Graph Convolutional Neural Network (Part I)

Suggested by some friends, I have been reading graph convolutional neural network. This is not a recent interest, as I have been interested in some graph-related problems (as I developed the graphflow package) and topological data analysis (TDA, as I developed the mogutda package). Graph theory is not a new field as well, but it is interesting to see how it is being applied in deep learning, as a lot of real-world relational data can be expressed in terms of graphs. (Examples: word relations, organizational structure, genes, internet etc.) With the increasing attention to neo4j, we know graph is coming to be hot.

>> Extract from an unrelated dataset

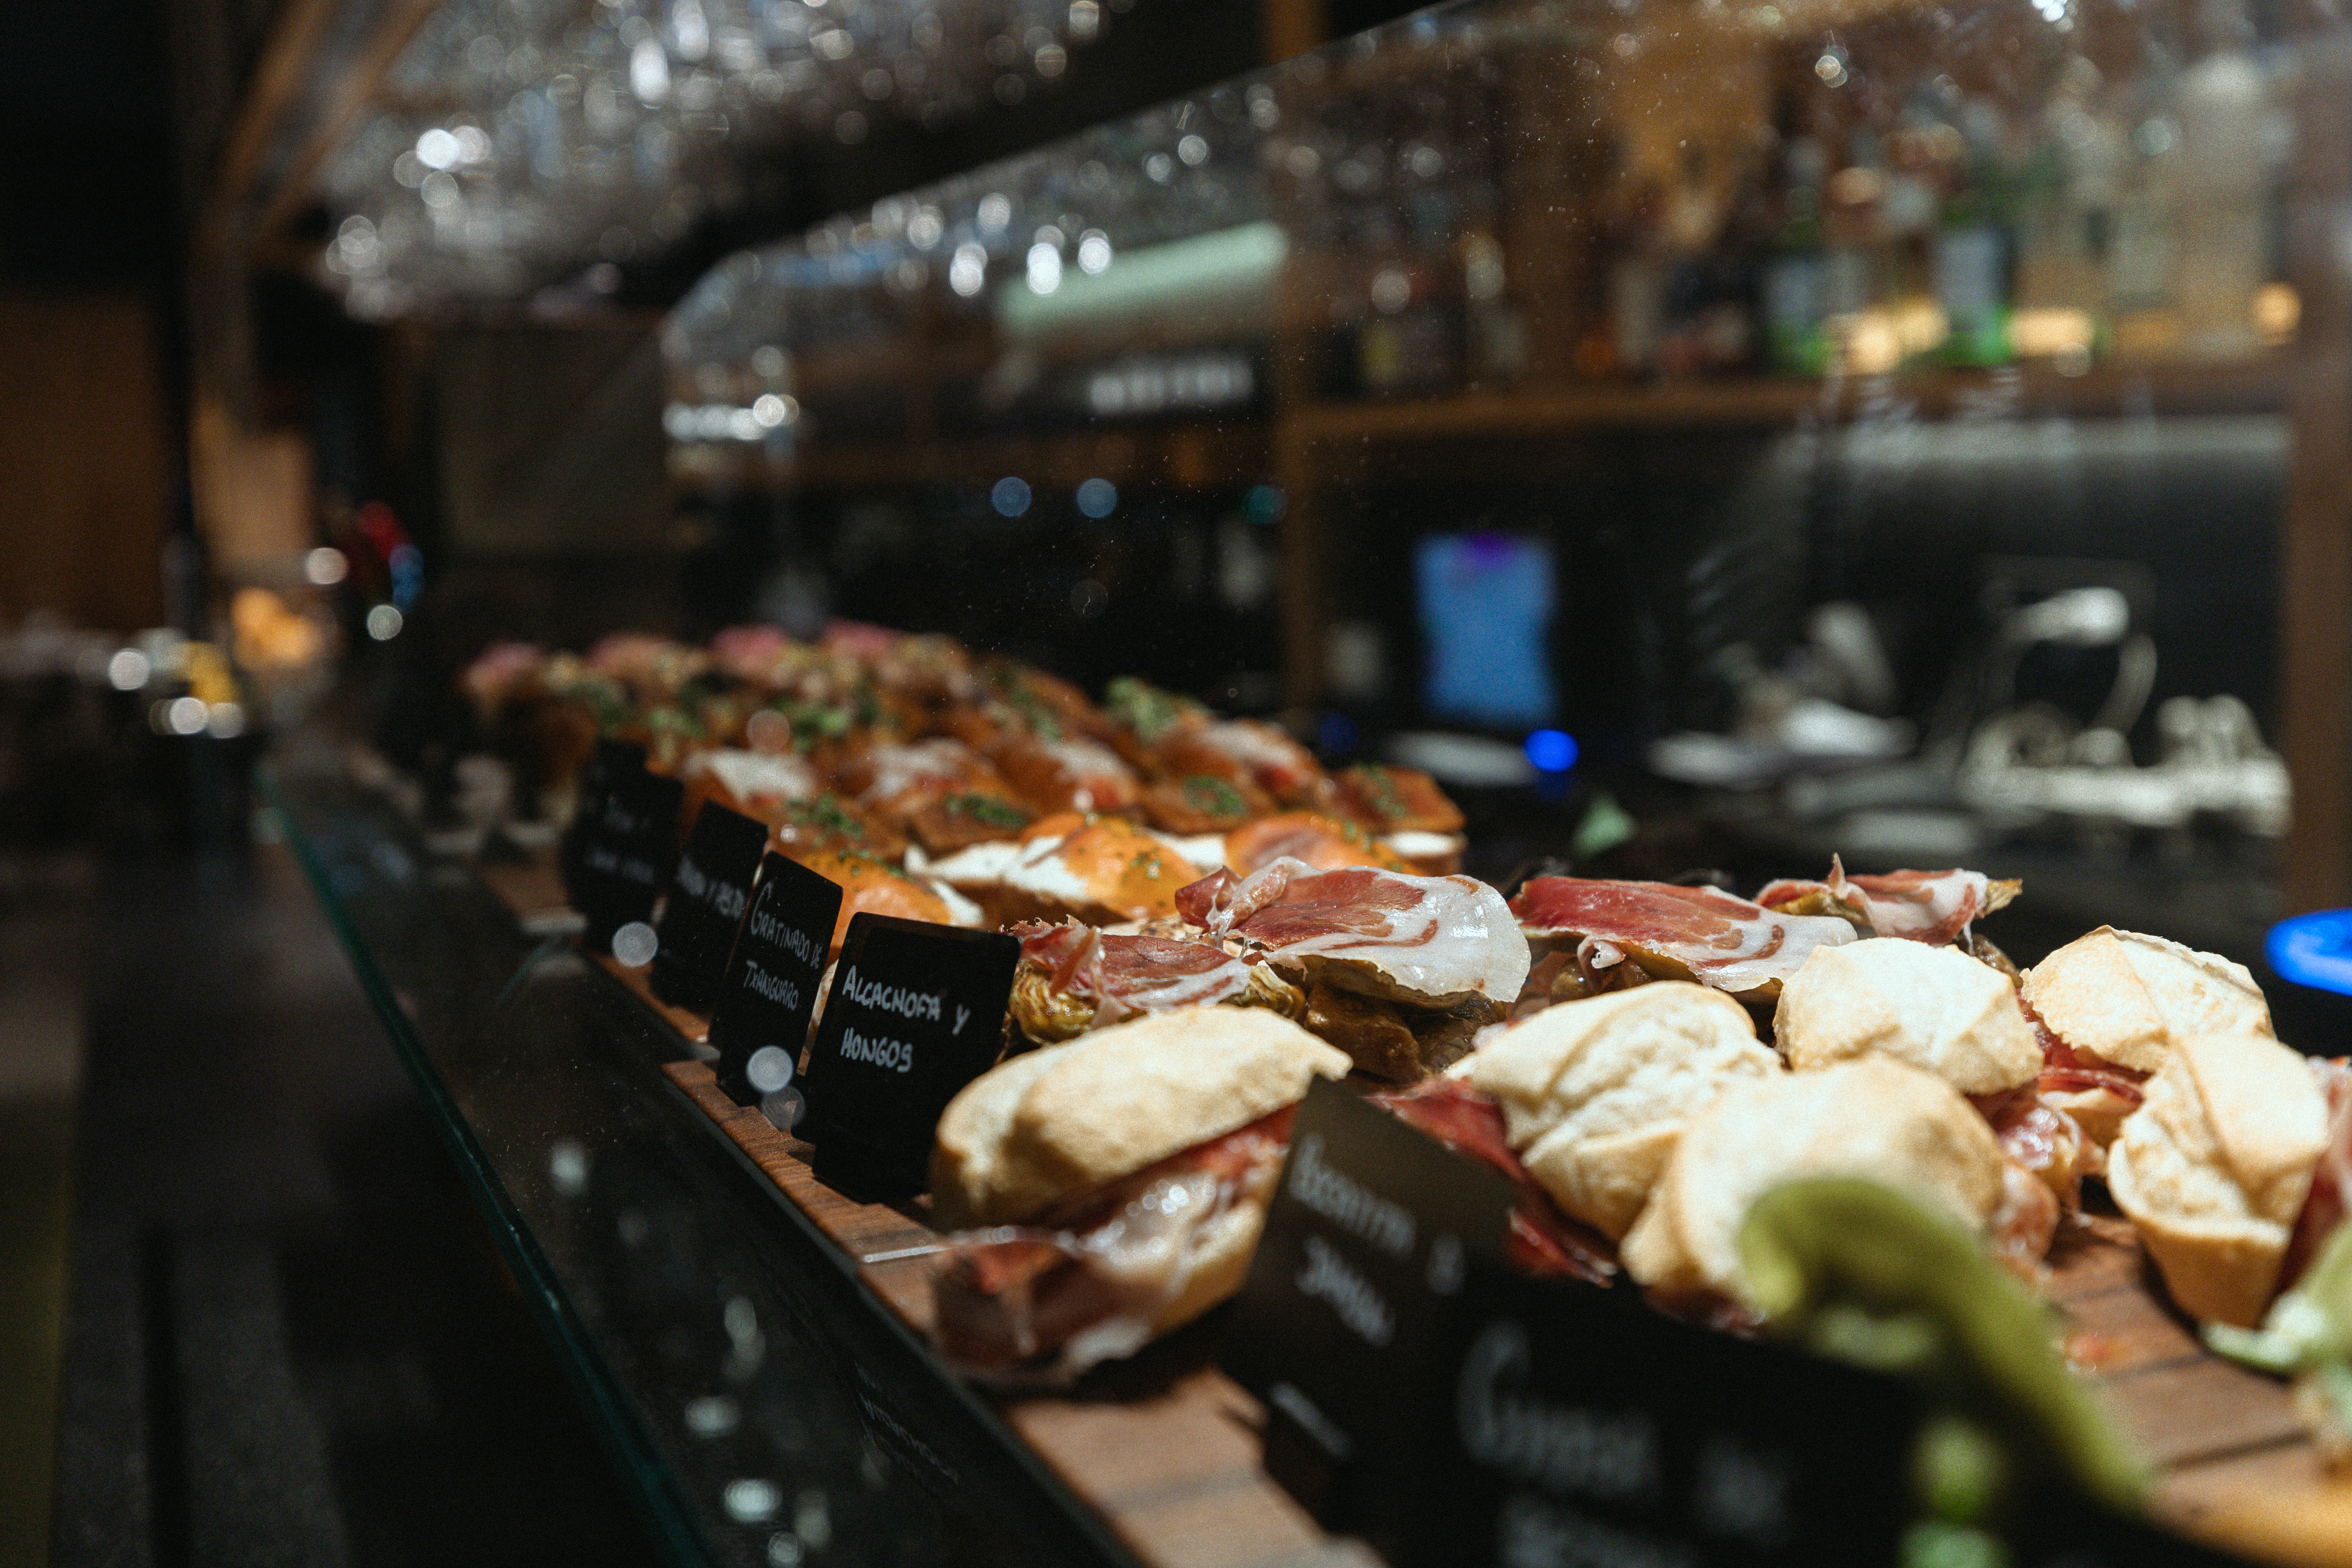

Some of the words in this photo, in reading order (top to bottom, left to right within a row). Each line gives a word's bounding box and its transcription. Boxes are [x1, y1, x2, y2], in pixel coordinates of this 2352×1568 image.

[750, 880, 811, 962] GRATINADO
[810, 943, 823, 970] DE
[952, 1003, 971, 1036] Y
[840, 1026, 914, 1074] HONGOS

It would be helpful to review some basic graph theory:

  • A graph is represented by \mathcal{G} = (V, E), where V and E are the nodes (vertices) and edges respectively.
  • A graph can be directed or undirected. In graph convolutional neural network, they are undirected usually.
  • The adjacency matrix A describes how nodes are connected: A_{ij} = 1 if there is an edge connecting from node i to node j, and 0 otherwise. A is a symmetric matrix for an undirected graph.
  • The incidence matrix B is another way to describe how nodes are connected: B_{ij} = 1 if a node i is connected with edge j. This is useful for undirected graph.
  • The degree matrix D is a diagonal matrix, with elements D_{ii} denotes the number of neighbors for node i in undirected matrix.
  • The function acting on the nodes is called the filter.
  • The graph Laplacian, or Kirchhoff matrix, is defined by L = D - A, and the normalized graph Laplacian is \tilde{L} = I - D^{-\frac{1}{2}} A D^{-\frac{1}{2}}.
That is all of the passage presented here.